_Required action_: Could you transcribe all of the data exactly and skip any pictures?

Images for object localization
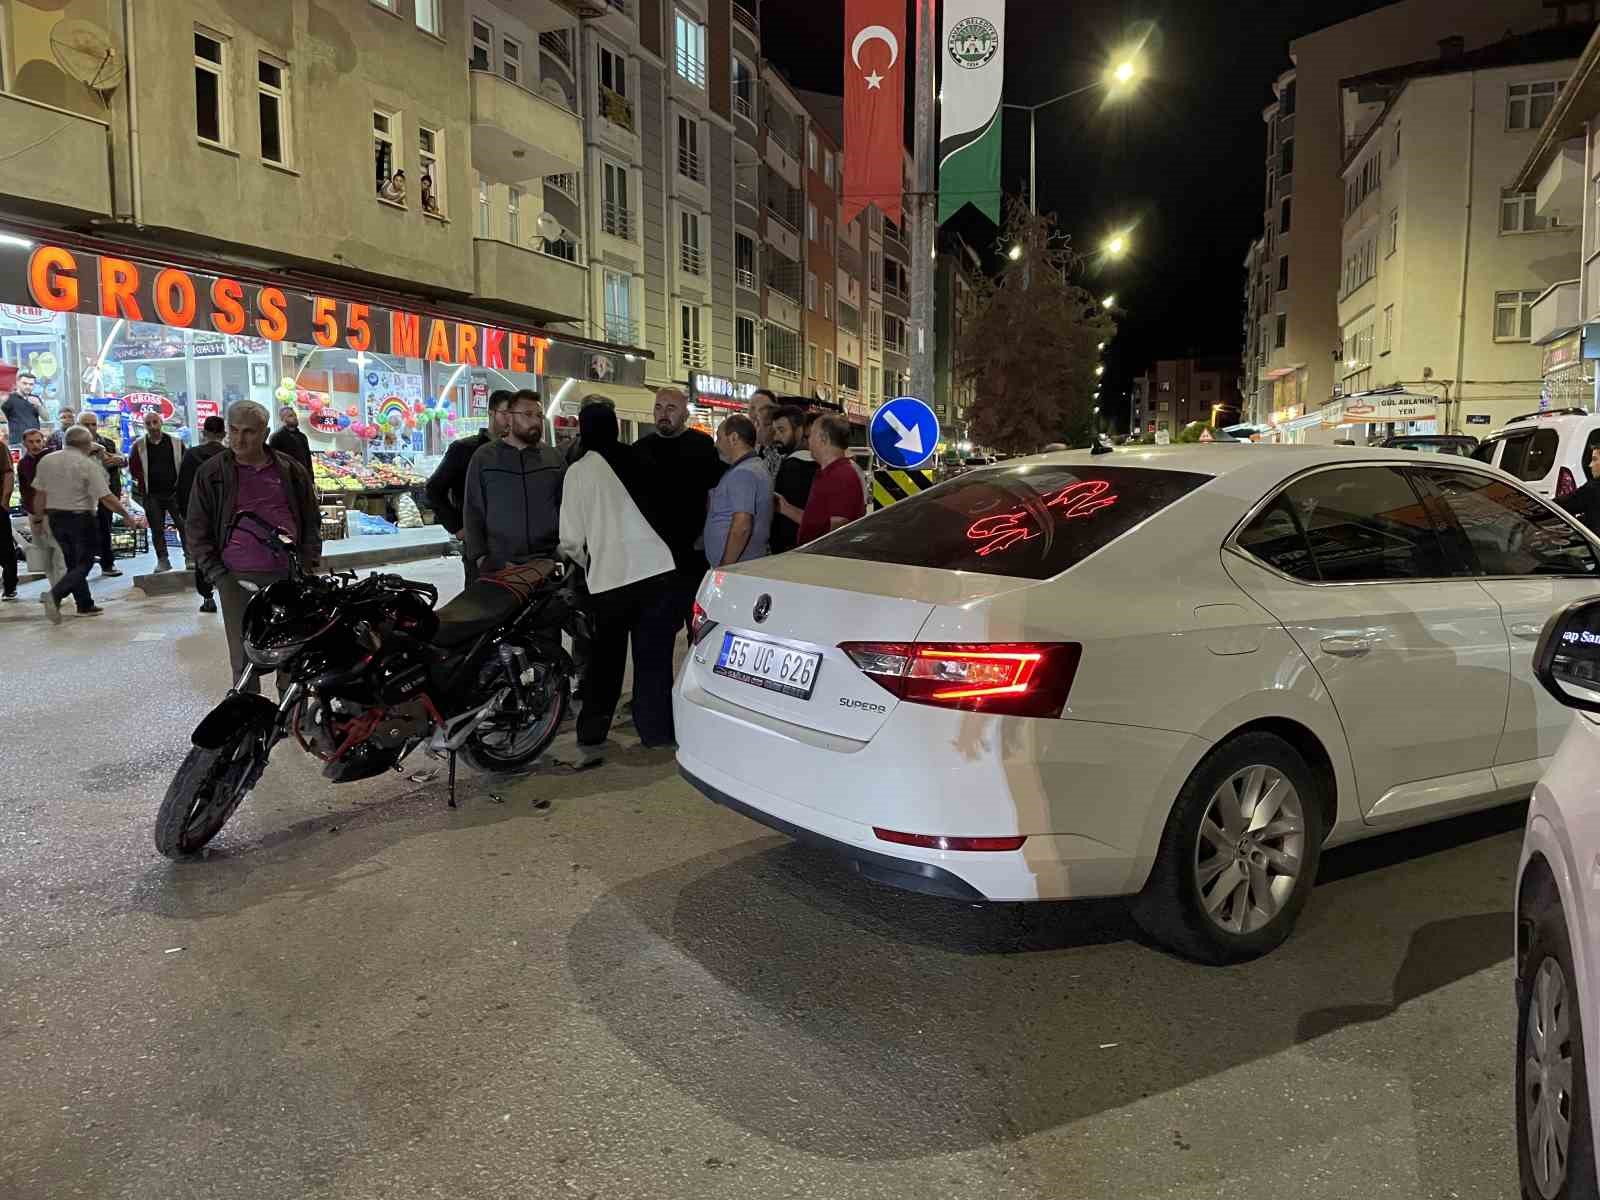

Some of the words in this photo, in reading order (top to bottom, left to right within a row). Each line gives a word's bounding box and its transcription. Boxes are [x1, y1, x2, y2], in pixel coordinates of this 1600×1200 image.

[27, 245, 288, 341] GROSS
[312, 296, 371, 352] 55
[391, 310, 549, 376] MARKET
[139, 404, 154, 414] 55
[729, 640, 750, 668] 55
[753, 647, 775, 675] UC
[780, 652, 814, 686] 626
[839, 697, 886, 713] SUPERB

_Exercise output_:
Some of the words in this photo, in reading order (top to bottom, left to right within a row). Each line gives a word's bounding box and its transcription. Boxes are [x1, y1, x2, y2], in pixel coordinates of this 1600×1200 image.

[27, 245, 288, 341] GROSS
[312, 296, 371, 352] 55
[391, 310, 549, 376] MARKET
[139, 404, 154, 414] 55
[729, 640, 750, 668] 55
[753, 647, 775, 675] UC
[780, 652, 814, 686] 626
[839, 697, 886, 713] SUPERB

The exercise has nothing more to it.